Collected data:

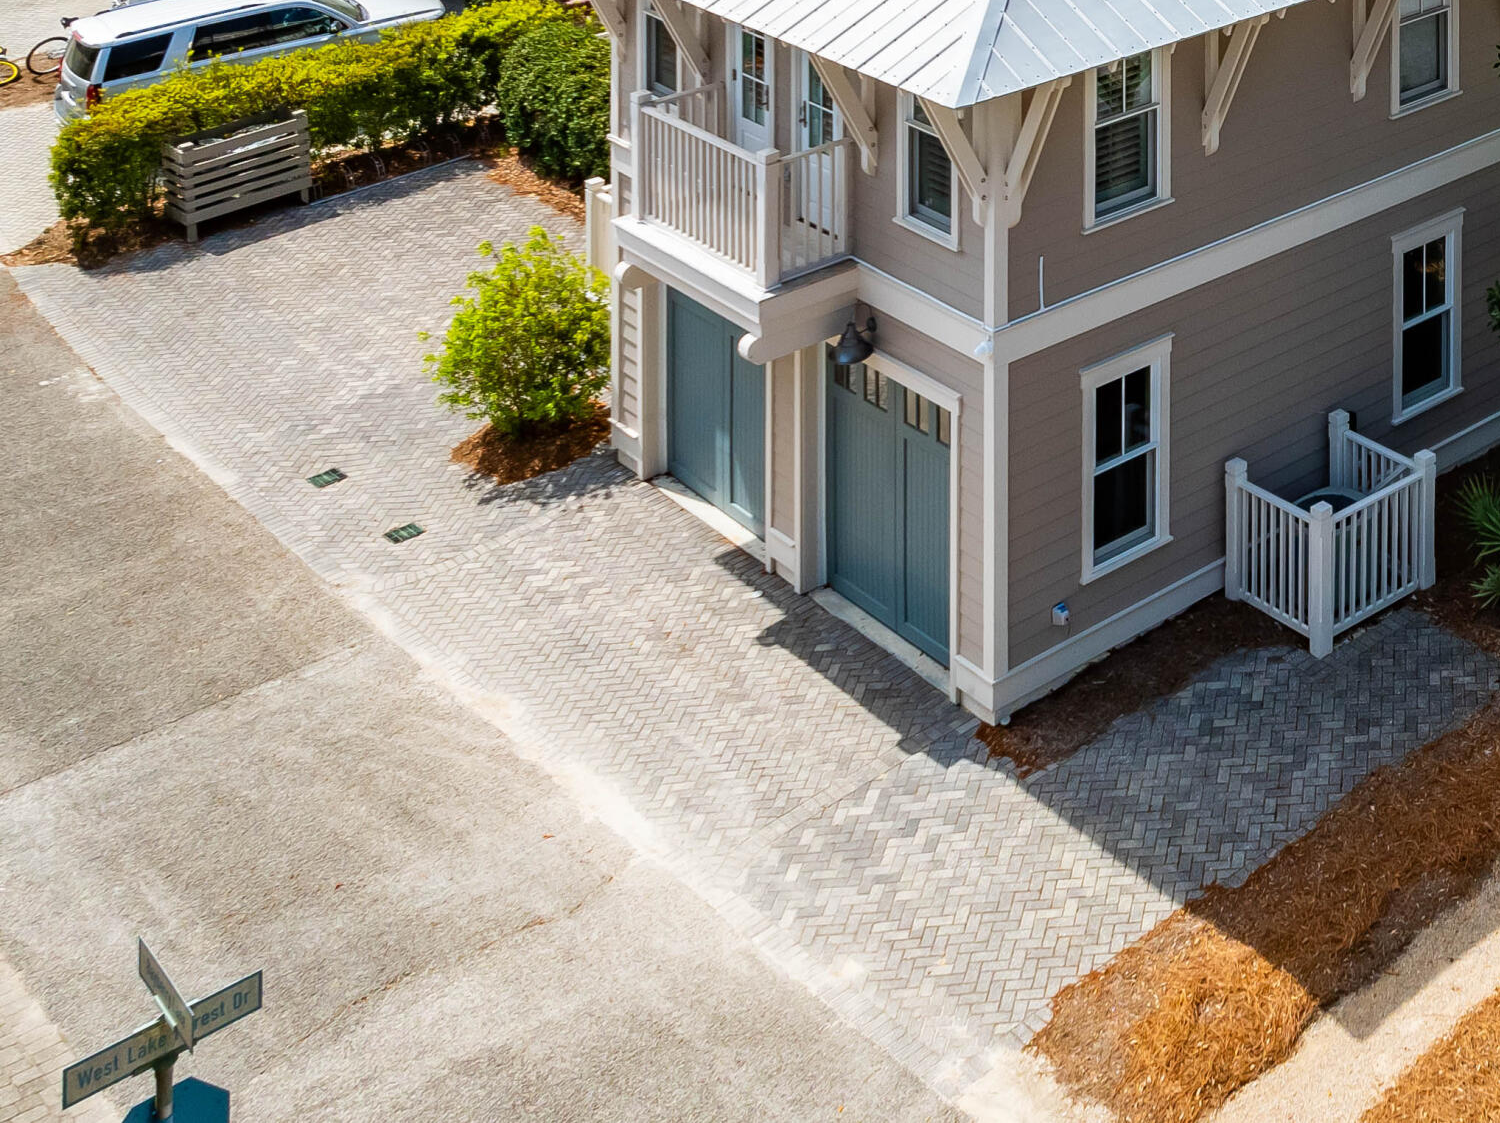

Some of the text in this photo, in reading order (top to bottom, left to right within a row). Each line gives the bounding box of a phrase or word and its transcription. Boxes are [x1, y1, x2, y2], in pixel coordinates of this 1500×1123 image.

[78, 1056, 119, 1088] West
[128, 1034, 166, 1064] Lake
[233, 990, 250, 1009] Dr
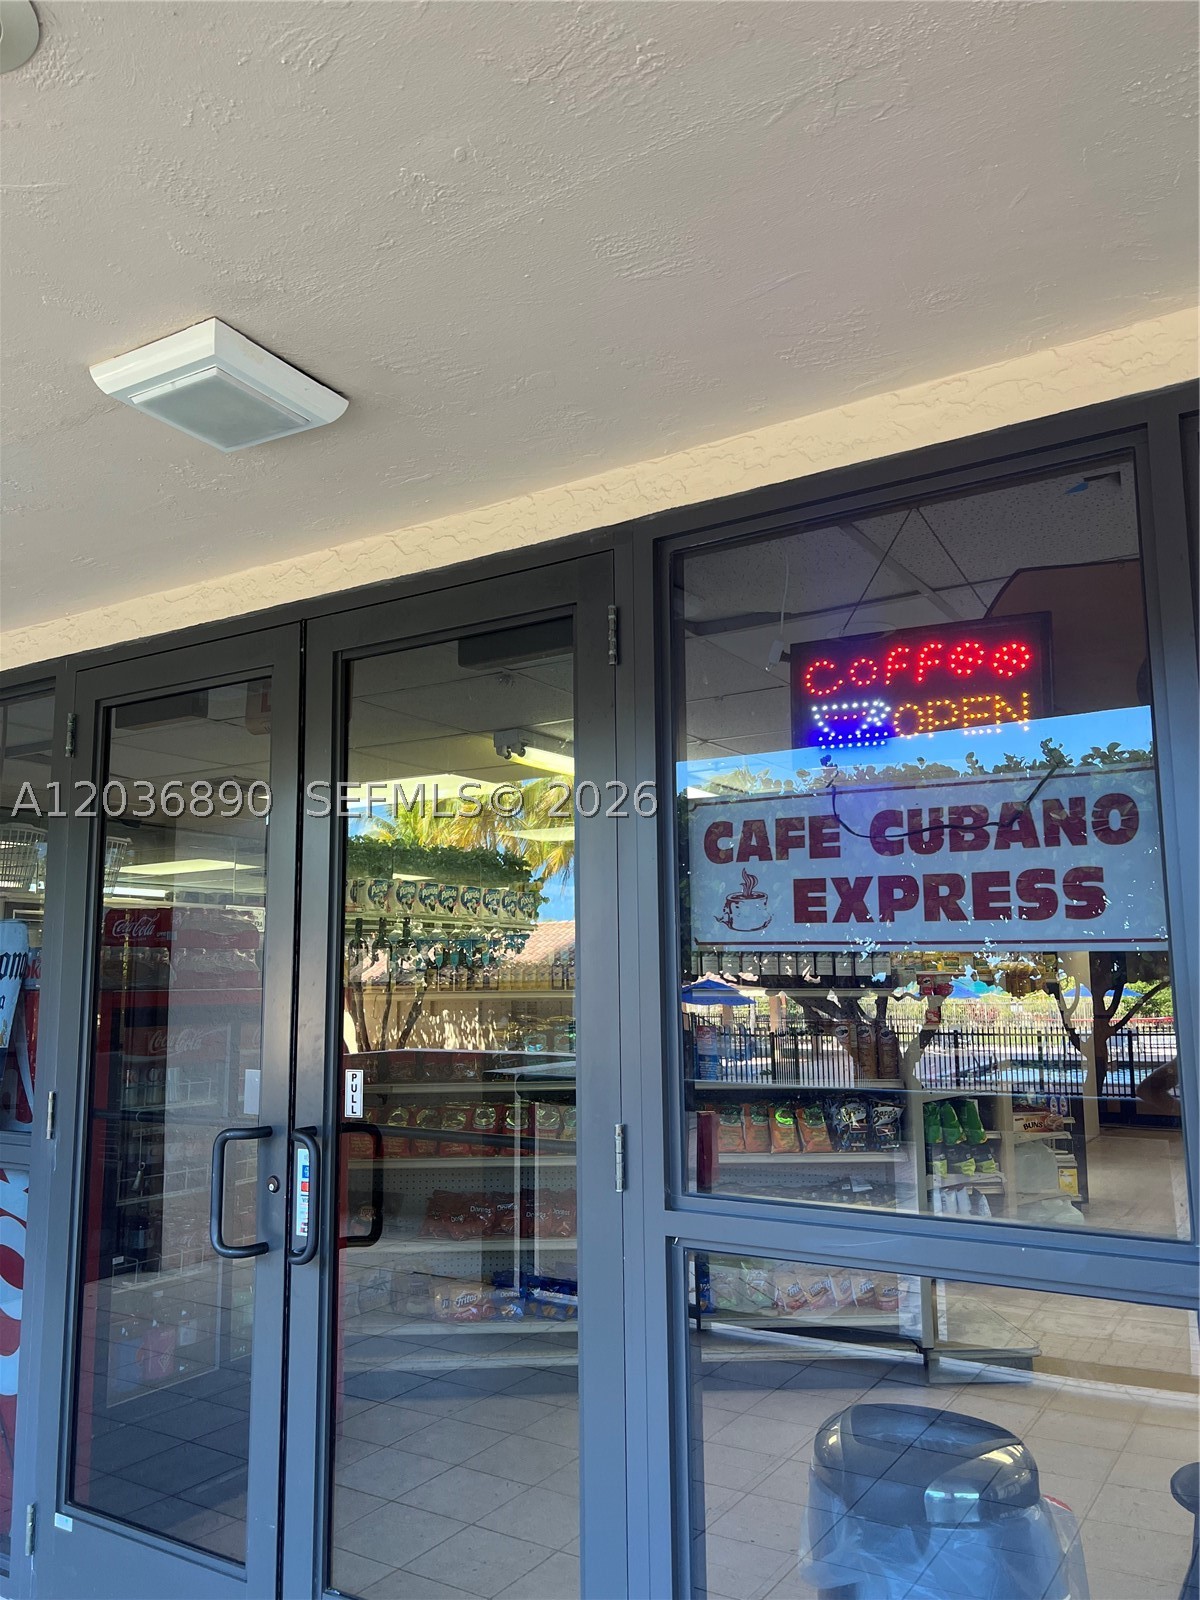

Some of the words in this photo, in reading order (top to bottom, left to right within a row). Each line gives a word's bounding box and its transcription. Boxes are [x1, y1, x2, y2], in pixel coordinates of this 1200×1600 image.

**EXERCISE:** Could you copy every record above exactly, leaving out the pictures?

**SOLUTION TO THIS PROBLEM:**
Some of the text in this photo, in reading order (top to bottom, left to right within a row). Each line gives the bounding box of a phrase or word and its transcription. Boxes are [x1, y1, x2, y2], in pixel coordinates of this 1500×1123 image.

[78, 1056, 119, 1088] West
[128, 1034, 166, 1064] Lake
[233, 990, 250, 1009] Dr

Some of the words in this photo, in reading order (top to bottom, left to right within a row). Each line gives a word's bounding box and its transcription. Boxes are [x1, y1, x2, y2], in pixel coordinates of this 1200×1600 image.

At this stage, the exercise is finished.